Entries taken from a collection
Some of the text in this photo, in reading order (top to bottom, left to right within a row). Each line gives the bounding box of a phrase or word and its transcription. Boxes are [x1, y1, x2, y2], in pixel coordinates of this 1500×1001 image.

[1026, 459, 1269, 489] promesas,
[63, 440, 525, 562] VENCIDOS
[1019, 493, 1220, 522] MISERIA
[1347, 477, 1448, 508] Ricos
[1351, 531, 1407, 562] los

> _GOAL OF THE EXERCISE_: Print each entry exactly as it appears above.

> _RESULT OF THE EXERCISE_:
Some of the text in this photo, in reading order (top to bottom, left to right within a row). Each line gives the bounding box of a phrase or word and its transcription. Boxes are [x1, y1, x2, y2], in pixel coordinates of this 1500×1001 image.

[1026, 459, 1269, 489] promesas,
[63, 440, 525, 562] VENCIDOS
[1019, 493, 1220, 522] MISERIA
[1347, 477, 1448, 508] Ricos
[1351, 531, 1407, 562] los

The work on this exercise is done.